The Chapel of St Nicholas was located at Dogdyke in the 14th century, and was mentioned in 1342. It has long since vanished and its location has not been found. Dogdyke appears as "Dokedyke" in the 14th century, and fell within the ancient wapentake of Langoe.

The hamlet has two public houses, a caravan park and a marina.

===Drainage===
The first drainage pump at Dogdyke was built in 1796 and was wind-powered. It was replaced in 1856 by the Dogdyke Pumping Station which was driven by steam, and later by diesel.

Dogdyke falls within the drainage area of the Witham Third District Internal Drainage Board.

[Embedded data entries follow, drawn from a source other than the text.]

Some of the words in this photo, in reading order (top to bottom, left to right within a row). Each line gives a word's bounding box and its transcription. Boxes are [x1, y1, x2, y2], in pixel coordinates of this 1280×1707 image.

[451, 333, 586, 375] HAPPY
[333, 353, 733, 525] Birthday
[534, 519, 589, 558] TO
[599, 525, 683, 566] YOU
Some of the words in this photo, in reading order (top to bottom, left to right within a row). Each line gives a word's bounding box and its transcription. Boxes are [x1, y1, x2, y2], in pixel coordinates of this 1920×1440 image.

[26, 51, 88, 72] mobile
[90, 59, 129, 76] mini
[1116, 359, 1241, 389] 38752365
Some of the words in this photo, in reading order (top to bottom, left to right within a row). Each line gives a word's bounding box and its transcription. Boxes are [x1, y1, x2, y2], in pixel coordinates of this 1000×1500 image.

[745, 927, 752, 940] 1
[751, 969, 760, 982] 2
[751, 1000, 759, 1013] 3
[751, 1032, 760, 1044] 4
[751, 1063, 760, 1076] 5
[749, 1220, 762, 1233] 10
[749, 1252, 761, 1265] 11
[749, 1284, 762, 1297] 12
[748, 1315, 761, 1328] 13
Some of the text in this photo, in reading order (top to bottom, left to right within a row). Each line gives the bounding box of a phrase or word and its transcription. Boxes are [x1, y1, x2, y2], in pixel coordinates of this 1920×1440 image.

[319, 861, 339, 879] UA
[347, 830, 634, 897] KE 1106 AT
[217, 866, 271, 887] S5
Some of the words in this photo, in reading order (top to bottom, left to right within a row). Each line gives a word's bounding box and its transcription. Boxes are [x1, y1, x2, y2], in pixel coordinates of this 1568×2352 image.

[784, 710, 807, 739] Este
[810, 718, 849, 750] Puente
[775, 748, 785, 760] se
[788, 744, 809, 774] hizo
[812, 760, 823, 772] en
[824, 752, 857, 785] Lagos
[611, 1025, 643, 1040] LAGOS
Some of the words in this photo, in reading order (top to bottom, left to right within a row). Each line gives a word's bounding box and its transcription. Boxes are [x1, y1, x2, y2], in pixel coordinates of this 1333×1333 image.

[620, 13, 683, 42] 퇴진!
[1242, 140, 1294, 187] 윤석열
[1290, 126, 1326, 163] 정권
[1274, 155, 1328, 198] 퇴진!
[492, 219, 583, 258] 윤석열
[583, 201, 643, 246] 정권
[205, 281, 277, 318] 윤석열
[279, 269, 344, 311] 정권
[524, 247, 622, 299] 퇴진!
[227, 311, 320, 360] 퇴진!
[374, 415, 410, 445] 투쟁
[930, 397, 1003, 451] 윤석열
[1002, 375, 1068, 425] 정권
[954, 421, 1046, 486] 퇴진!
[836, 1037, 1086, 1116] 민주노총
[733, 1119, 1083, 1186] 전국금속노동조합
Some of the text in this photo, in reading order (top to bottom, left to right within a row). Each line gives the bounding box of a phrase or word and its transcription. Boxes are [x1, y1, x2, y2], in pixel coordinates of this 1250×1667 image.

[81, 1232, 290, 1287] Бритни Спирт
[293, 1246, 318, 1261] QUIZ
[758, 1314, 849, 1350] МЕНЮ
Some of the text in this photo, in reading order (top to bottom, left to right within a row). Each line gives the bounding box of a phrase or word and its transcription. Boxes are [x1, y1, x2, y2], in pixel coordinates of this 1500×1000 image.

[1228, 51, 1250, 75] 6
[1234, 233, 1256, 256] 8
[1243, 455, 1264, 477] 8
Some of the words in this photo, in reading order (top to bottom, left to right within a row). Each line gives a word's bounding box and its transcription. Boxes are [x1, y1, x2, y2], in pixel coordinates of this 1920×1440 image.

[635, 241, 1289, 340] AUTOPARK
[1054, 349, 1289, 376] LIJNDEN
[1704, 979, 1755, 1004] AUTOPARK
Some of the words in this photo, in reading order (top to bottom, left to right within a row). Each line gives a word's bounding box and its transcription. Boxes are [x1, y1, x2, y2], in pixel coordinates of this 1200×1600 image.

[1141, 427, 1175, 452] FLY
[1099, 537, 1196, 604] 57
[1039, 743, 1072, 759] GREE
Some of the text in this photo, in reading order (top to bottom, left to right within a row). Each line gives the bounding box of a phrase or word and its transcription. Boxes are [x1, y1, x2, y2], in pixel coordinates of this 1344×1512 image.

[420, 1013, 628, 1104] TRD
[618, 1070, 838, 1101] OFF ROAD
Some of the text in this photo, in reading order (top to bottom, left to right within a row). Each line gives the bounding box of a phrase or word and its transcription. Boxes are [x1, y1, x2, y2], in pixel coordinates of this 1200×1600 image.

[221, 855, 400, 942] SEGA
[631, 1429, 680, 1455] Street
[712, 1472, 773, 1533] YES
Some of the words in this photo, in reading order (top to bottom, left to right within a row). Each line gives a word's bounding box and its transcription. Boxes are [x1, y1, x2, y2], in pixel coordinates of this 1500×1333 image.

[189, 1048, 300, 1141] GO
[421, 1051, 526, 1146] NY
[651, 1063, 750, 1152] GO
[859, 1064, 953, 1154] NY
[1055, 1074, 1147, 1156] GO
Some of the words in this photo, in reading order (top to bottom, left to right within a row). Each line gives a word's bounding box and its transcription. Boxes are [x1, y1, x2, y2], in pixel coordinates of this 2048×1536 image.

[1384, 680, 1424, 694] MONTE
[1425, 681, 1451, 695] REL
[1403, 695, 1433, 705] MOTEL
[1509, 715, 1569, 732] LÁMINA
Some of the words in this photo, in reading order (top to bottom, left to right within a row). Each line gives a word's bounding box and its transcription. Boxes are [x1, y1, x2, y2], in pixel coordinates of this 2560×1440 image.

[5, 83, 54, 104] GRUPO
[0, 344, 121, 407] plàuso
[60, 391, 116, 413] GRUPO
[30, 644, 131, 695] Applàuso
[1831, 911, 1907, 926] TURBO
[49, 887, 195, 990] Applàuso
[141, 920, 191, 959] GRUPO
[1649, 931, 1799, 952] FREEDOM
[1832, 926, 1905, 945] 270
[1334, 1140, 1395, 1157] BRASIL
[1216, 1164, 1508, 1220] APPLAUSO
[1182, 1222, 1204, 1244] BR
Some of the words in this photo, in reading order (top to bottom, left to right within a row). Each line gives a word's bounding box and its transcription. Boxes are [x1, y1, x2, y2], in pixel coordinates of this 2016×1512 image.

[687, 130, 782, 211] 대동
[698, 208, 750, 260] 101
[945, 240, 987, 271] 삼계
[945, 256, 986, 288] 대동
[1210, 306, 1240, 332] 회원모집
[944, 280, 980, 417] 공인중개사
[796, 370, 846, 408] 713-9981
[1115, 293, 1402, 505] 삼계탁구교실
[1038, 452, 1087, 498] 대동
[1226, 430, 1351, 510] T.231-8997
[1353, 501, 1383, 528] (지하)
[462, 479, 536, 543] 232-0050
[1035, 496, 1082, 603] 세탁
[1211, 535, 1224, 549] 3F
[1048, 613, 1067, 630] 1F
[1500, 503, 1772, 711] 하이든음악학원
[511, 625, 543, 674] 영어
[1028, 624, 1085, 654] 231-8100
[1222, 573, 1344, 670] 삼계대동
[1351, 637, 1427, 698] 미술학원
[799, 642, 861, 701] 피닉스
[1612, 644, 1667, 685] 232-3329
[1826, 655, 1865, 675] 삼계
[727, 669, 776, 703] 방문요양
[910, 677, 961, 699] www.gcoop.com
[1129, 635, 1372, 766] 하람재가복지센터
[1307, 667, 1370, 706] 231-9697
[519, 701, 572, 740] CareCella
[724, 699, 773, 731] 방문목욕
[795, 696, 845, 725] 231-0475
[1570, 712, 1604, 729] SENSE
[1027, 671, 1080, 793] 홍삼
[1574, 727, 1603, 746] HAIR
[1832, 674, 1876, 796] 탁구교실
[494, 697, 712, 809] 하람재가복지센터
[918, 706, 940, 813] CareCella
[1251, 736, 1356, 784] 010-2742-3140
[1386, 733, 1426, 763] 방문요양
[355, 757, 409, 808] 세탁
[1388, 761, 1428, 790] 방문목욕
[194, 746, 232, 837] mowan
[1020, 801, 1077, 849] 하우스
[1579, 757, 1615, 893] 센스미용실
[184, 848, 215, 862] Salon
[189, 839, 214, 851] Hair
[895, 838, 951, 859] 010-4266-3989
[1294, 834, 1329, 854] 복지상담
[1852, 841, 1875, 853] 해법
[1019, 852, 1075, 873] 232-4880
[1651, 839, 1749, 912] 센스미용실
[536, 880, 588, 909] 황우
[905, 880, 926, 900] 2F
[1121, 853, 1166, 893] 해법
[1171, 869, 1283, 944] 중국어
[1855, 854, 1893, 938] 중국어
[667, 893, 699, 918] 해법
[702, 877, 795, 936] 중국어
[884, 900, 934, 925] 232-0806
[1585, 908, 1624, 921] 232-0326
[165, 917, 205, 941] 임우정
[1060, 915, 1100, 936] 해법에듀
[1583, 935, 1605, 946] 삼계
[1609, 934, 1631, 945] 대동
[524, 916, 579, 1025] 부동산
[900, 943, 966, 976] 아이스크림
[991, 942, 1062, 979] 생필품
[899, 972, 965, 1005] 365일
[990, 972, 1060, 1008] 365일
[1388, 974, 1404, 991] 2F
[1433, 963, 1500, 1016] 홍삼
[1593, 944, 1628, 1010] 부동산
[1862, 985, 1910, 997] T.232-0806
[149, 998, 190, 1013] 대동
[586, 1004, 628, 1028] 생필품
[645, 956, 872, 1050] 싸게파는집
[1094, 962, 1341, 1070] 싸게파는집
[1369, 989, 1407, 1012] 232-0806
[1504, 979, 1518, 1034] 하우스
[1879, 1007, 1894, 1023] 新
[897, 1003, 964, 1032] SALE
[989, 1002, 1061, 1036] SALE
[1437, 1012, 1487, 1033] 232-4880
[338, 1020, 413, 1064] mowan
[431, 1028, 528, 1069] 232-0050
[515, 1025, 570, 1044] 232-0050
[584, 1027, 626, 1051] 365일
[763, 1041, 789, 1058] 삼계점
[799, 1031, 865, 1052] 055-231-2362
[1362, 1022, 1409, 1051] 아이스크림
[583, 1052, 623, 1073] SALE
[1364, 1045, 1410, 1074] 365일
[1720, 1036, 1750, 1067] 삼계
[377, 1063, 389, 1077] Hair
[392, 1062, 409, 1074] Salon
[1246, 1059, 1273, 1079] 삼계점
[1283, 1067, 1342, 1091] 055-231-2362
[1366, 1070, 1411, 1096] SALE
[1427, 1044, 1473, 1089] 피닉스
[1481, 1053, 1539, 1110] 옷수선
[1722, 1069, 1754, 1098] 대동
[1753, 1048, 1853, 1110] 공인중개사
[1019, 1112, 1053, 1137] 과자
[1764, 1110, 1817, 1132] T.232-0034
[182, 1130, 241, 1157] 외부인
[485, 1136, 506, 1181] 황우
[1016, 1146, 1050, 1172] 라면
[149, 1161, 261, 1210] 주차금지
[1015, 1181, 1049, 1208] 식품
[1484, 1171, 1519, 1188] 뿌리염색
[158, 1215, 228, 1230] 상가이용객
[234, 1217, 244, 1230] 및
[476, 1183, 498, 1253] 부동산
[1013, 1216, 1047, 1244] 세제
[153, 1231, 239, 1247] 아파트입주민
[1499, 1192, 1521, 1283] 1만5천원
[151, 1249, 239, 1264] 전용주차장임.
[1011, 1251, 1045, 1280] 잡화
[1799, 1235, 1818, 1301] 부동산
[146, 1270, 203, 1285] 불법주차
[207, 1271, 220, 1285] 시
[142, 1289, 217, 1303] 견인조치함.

Chapel Hill, on the opposite west bank of the Witham, falls within the drainage area of the Witham First District Internal Drainage Board.

==History==
===1975 crash===
On 3 March 1975 Phantom XV416 from RAF Coningsby hit the top portion of a house in Tattershall Bridge just before 3pm. The pilots had ejected. It occurred 200 yds from the A153. The pilot was 22 year old Flying Officer Phil Tolman, who was married, and from Bedfordshire. The navigator was 30 year old Flight Lieutenant Dave Trotter, who was married. The aircraft came from 111 Squadron.